■ **Exercise directions**
Your output should be the line with "this 1445×1927 image." and all following lines of the data below, through the end, repeated exactly.

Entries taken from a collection
* * * * * * *

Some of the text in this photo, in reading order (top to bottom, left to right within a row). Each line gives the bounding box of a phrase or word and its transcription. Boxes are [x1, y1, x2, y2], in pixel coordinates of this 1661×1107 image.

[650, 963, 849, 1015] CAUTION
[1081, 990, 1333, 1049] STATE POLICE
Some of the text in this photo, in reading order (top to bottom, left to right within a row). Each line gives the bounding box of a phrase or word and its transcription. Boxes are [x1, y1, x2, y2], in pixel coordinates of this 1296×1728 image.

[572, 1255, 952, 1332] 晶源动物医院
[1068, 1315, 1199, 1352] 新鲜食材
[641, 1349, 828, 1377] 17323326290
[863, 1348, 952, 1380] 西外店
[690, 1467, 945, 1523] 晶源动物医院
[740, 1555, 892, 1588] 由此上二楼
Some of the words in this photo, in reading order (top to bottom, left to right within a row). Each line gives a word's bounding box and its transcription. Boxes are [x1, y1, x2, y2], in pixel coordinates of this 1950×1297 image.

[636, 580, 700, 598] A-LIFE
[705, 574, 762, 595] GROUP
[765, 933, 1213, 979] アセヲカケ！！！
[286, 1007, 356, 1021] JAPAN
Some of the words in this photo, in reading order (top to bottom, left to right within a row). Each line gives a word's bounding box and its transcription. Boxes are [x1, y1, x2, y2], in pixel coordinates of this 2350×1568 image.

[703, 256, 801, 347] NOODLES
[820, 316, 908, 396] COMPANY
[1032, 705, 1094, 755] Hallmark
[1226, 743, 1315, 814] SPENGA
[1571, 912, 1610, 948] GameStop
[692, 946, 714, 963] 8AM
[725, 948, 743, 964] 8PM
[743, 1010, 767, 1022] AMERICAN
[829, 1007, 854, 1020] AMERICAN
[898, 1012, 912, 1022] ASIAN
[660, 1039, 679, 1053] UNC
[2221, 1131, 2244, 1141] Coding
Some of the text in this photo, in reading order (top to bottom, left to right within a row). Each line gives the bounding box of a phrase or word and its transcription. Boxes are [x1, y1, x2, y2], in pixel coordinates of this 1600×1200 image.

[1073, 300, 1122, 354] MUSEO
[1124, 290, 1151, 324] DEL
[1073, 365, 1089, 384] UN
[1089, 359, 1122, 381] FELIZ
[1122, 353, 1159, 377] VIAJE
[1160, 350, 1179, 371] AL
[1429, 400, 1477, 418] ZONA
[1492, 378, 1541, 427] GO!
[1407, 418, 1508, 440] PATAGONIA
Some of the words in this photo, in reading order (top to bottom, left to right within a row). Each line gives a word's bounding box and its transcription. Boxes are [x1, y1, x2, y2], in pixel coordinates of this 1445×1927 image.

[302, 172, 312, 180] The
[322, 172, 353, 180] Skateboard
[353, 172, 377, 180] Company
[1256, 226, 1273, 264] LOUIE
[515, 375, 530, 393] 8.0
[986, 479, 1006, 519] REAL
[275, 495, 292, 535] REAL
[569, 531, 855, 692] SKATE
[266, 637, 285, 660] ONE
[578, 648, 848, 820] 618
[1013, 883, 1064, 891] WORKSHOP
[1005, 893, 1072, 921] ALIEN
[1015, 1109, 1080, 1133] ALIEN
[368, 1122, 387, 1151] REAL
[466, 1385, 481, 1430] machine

* * * * * * *

■ **Answer area**
Some of the words in this photo, in reading order (top to bottom, left to right within a row). Each line gives a word's bounding box and its transcription. Boxes are [x1, y1, x2, y2], in pixel coordinates of this 1445×1927 image.

[302, 172, 312, 180] The
[322, 172, 353, 180] Skateboard
[353, 172, 377, 180] Company
[1256, 226, 1273, 264] LOUIE
[515, 375, 530, 393] 8.0
[986, 479, 1006, 519] REAL
[275, 495, 292, 535] REAL
[569, 531, 855, 692] SKATE
[266, 637, 285, 660] ONE
[578, 648, 848, 820] 618
[1013, 883, 1064, 891] WORKSHOP
[1005, 893, 1072, 921] ALIEN
[1015, 1109, 1080, 1133] ALIEN
[368, 1122, 387, 1151] REAL
[466, 1385, 481, 1430] machine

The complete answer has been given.